Mike: Oh my gosh. So helpful. Thank you. And I’m so glad that on this week of Halloween—when I’m seeing all of these decorations for ghosts—that we were able to get to this question.
Kaitlyn: Yeah.
Mike: And it is funny, because when I think about ghosts, I kind of think about death and scary, spooky things.
Kaitlyn: Yeah.
Mike: I don’t know—anything as we wrap up today? Any final thoughts for us?
Kaitlyn: Yeah. Well, it’s funny—I was trying to think of comparisons between the Holy Spirit and ghosts, and one of them was along the lines of what you just said: ghosts surprise us; the Holy Spirit should surprise us. Ghosts pop out of nowhere, and the Holy Spirit kind of pops in out of nowhere. But then I was thinking along the lines of what you were saying as well: we see ghosts—even the fun ghosts, like not the totally spooky, creepy ones but the fun Casper-type ghosts—as a way for us to think about death. They’re supposed to be people who have died who come back—friendly or unfriendly—and we’re reminded of our mortality.

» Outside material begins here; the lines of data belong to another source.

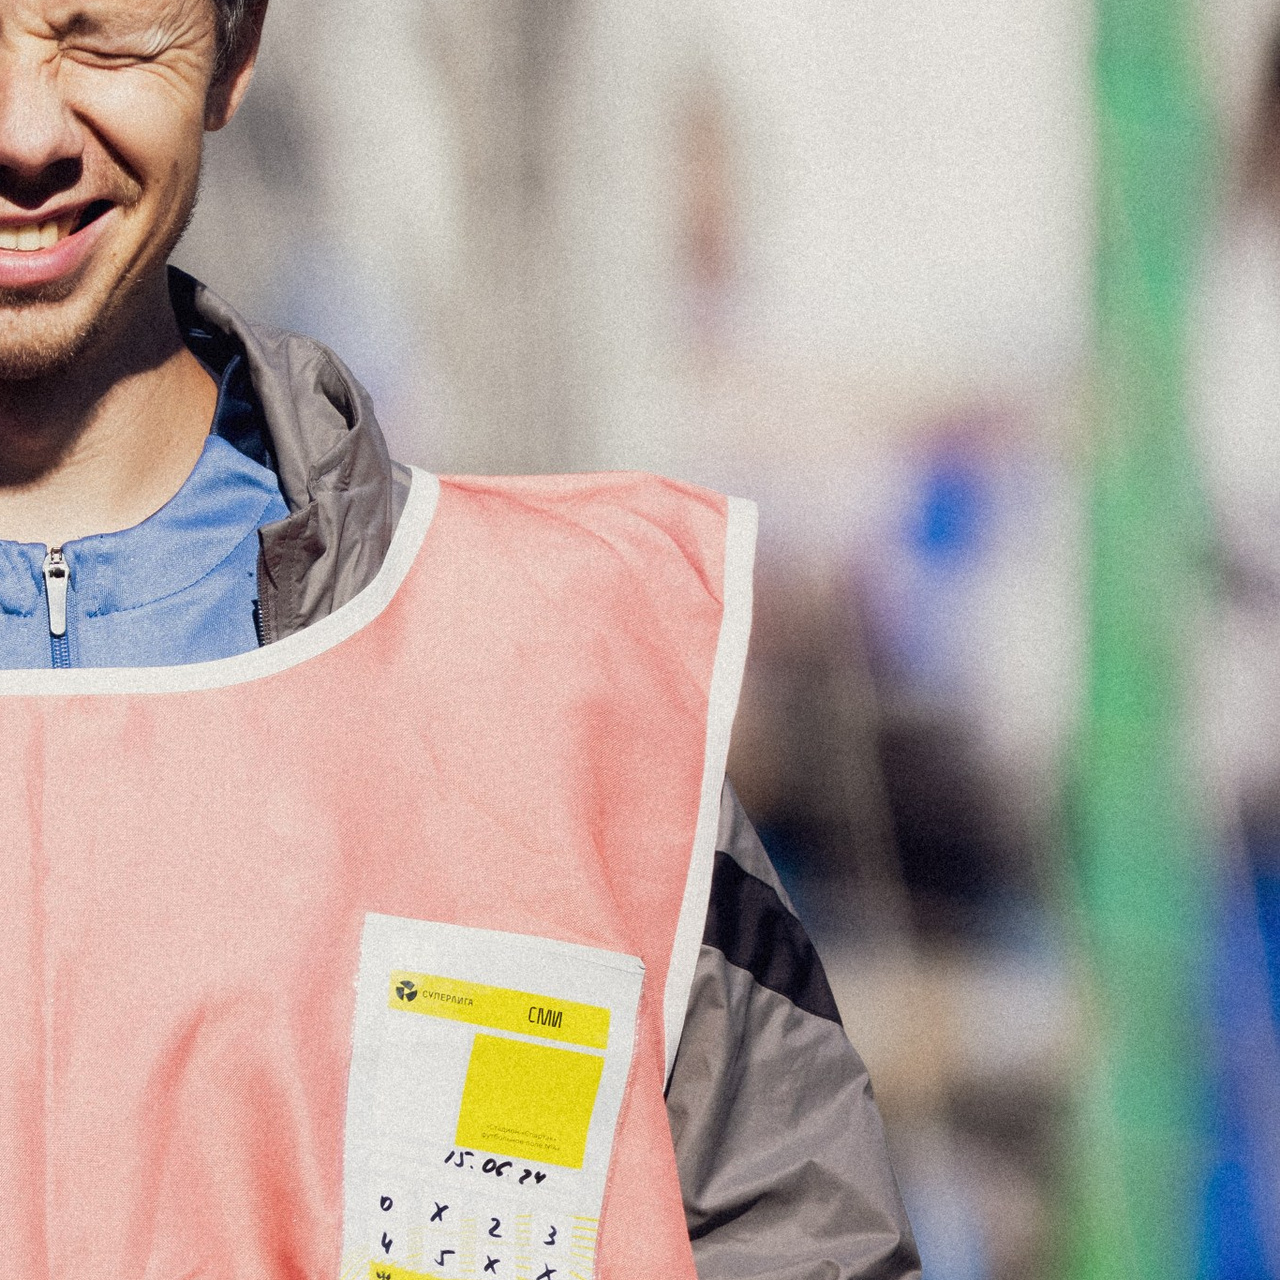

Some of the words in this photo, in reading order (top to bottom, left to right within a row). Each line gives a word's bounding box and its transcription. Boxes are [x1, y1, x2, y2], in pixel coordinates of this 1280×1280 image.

[422, 989, 474, 1007] СУПЕРЛИГА
[528, 1006, 563, 1029] СМИ
[488, 1217, 502, 1238] 2
[543, 1225, 557, 1246] 3
[381, 1232, 393, 1254] 4
[434, 1249, 455, 1266] 5

One of the things I love about Halloween—hot take from a Christian—is that we get to think about evil and injustice, and we’re also faced with our mortality. But this is where the ghosts we encounter at Halloween are so counter to the Holy Ghost—the Holy Spirit that indwells us. Whereas ghosts make us think about death, the Holy Ghost gives us life. And not just the life that the Spirit gives in Genesis to all creation—all living creatures, human and non-human—but a gift that’s greater than that. It’s not just life that gets you to move and eat and interact with people; it’s abundant, full life. And I think this connects to when Jesus says, “It is better for me to go away because I will send the Spirit.” Jesus talked about wanting us to have life to the full, abundant life. And the gift that Jesus gives us when he ascends to the Father is the Spirit that gives us access to that kind of abundant life here and now.

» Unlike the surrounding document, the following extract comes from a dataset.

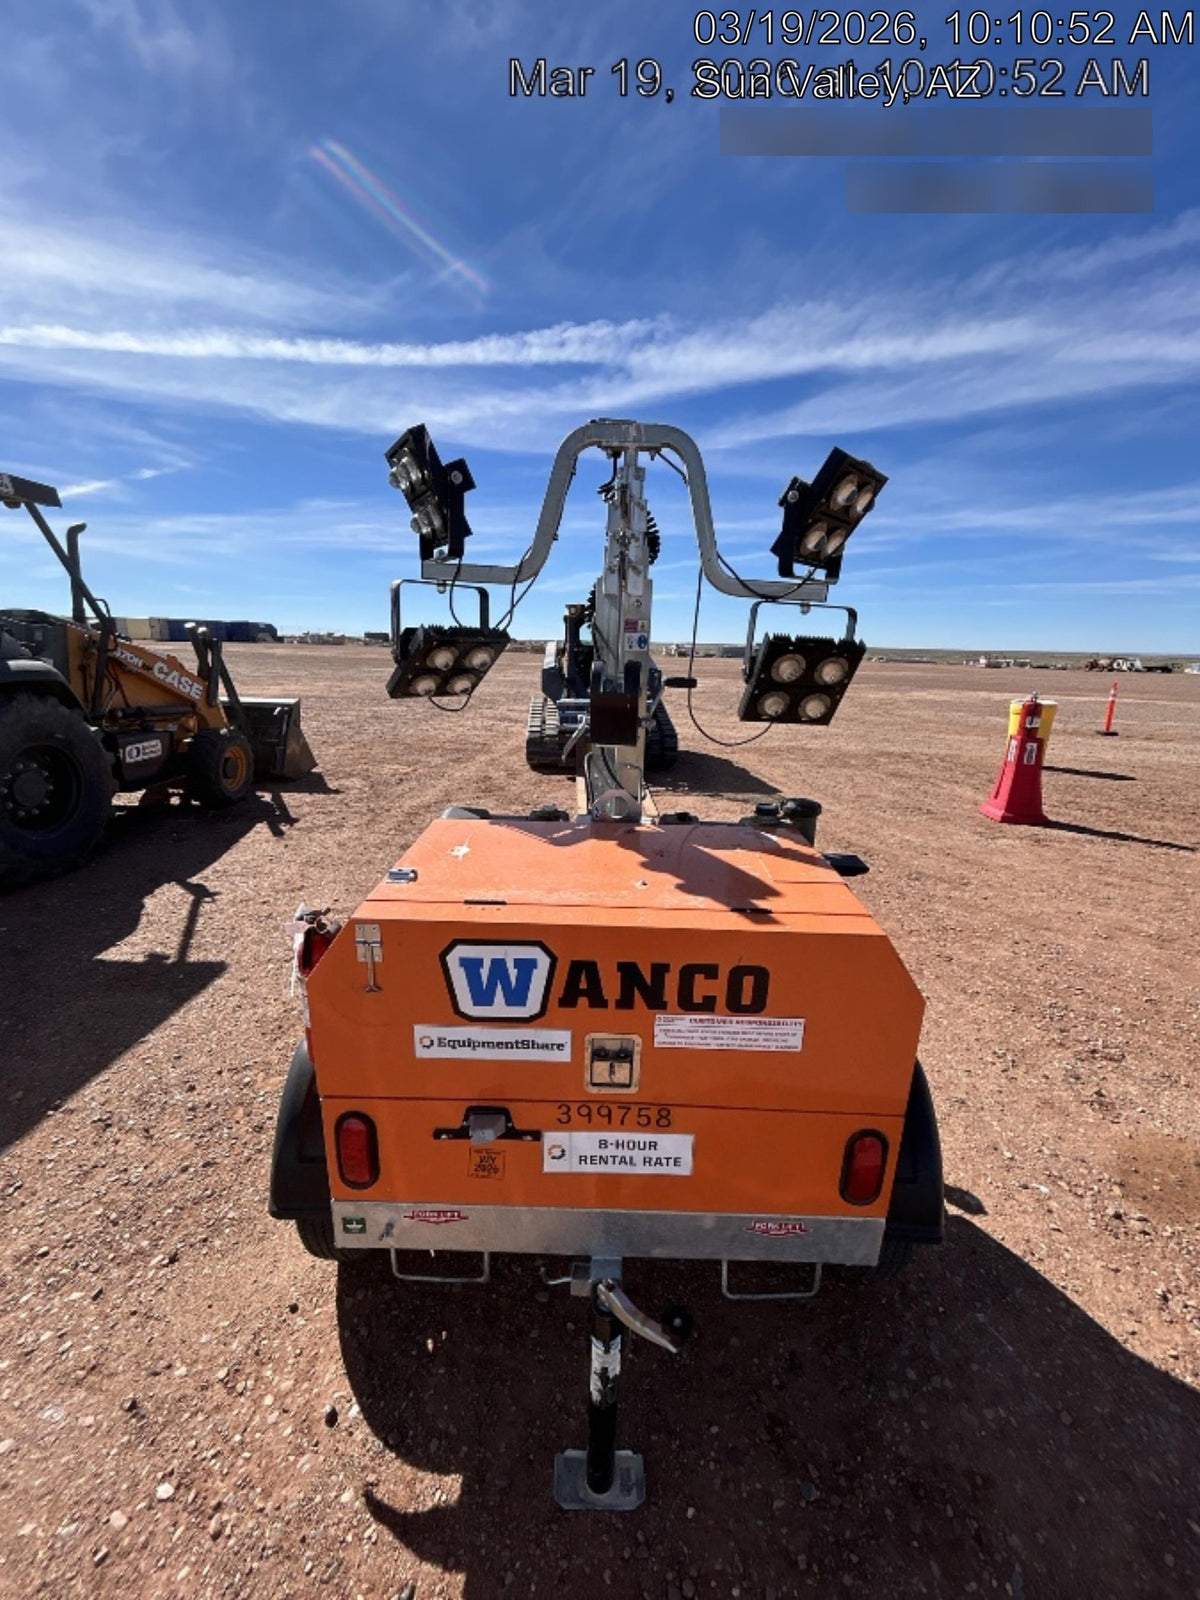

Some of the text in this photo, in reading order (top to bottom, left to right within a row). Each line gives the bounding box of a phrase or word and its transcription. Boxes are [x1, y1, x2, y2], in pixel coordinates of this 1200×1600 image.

We are still waiting—we’re waiting for Christ’s return to make all things new in this creation. And yet one of the gifts that is supposed to be our great witness to the world is that we can face death—we can face the ghosts and ghouls around Halloween—because the Holy Spirit gives us not just life, but life abundant: the kind of life that can face death and suffering with joy because we know that’s not the end of the story.